The Honda turbocharged Indy V8 engine is a single-turbocharged, 2.65-liter, V-8 Indy car racing engine, originally designed, developed and produced by Honda, in partnership with Judd, for use in the CART championship series between 1986 and 2002.

==Background==
As a result of Jack Brabham's long-standing relationship with Honda, Judd was hired by them to develop an engine for the company's return to Formula Two in association with Ron Tauranac's Ralt team.
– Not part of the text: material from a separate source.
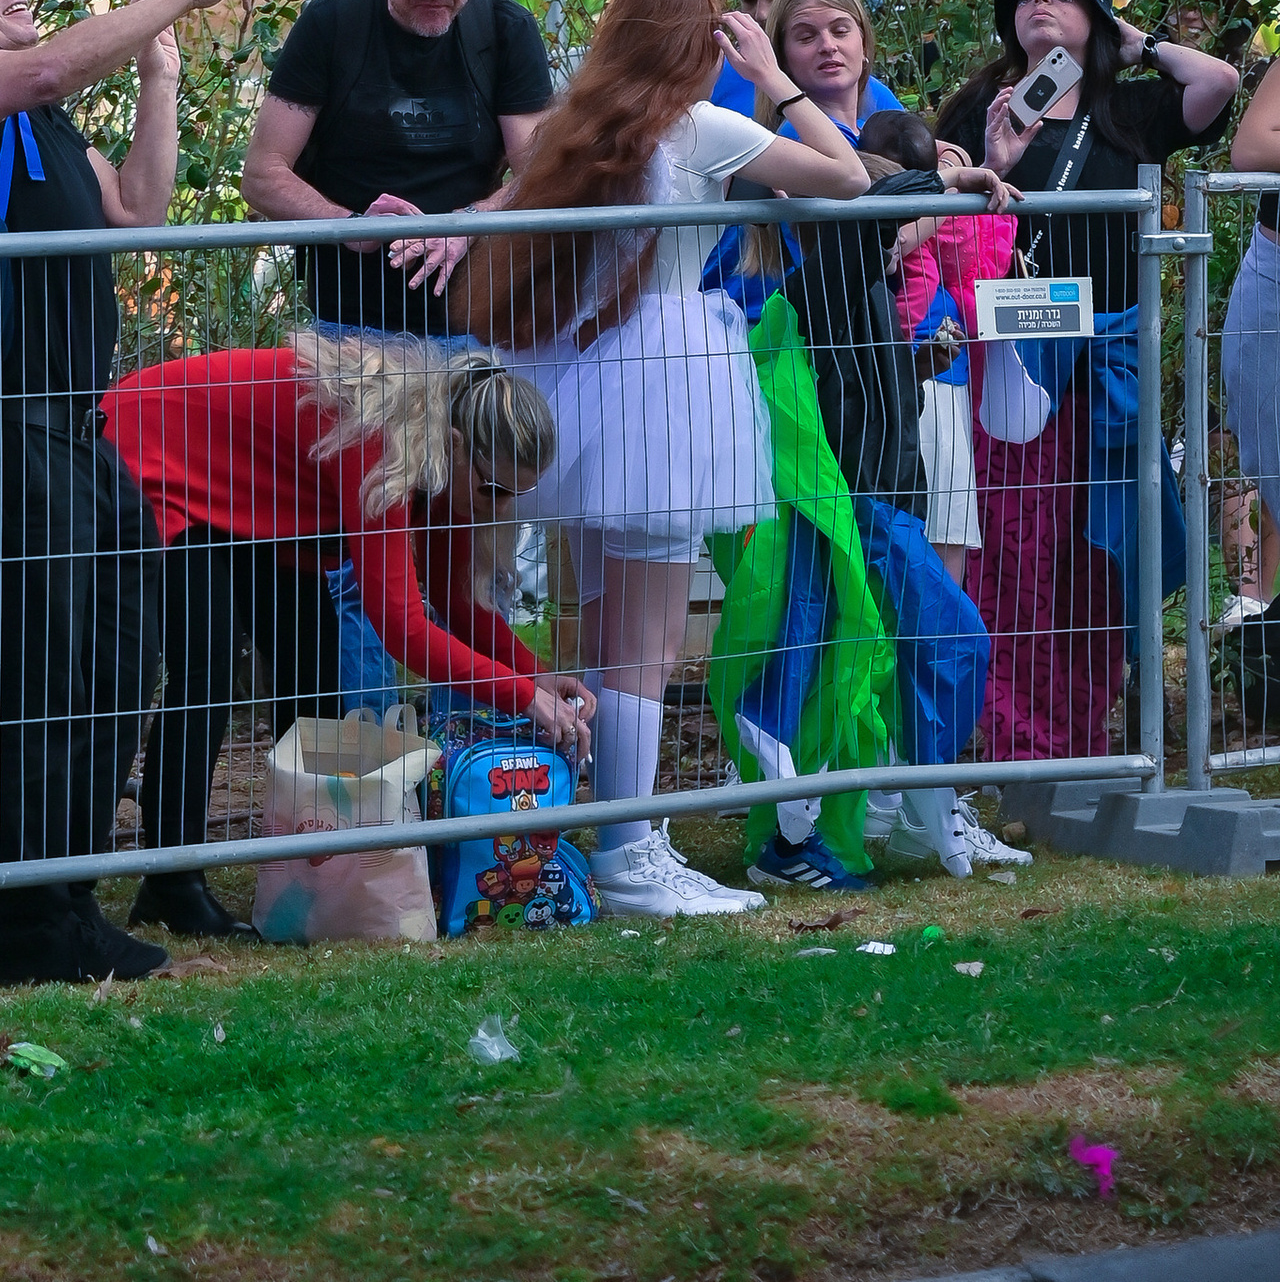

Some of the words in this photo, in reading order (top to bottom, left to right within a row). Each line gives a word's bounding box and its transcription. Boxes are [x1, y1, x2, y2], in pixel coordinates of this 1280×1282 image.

After the demise of Formula Two at the end of the 1984 season, Judd continued to develop new engines for Honda. The first was the Judd AV, a turbocharged V8 engine built for Honda's CART campaign. It was first used on the CART circuit midway through the 1986 season, fielded by Galles Racing and driver Geoff Brabham. It was initially badged as the Brabham-Honda, and scored a fourth-place finish at the 1986 Michigan 500. In 1987, the engine was used for the first time at the Indianapolis 500. Brabham scored second-place finishes in 1987 at Pocono and Road America, as well as a third at the season finale at Miami.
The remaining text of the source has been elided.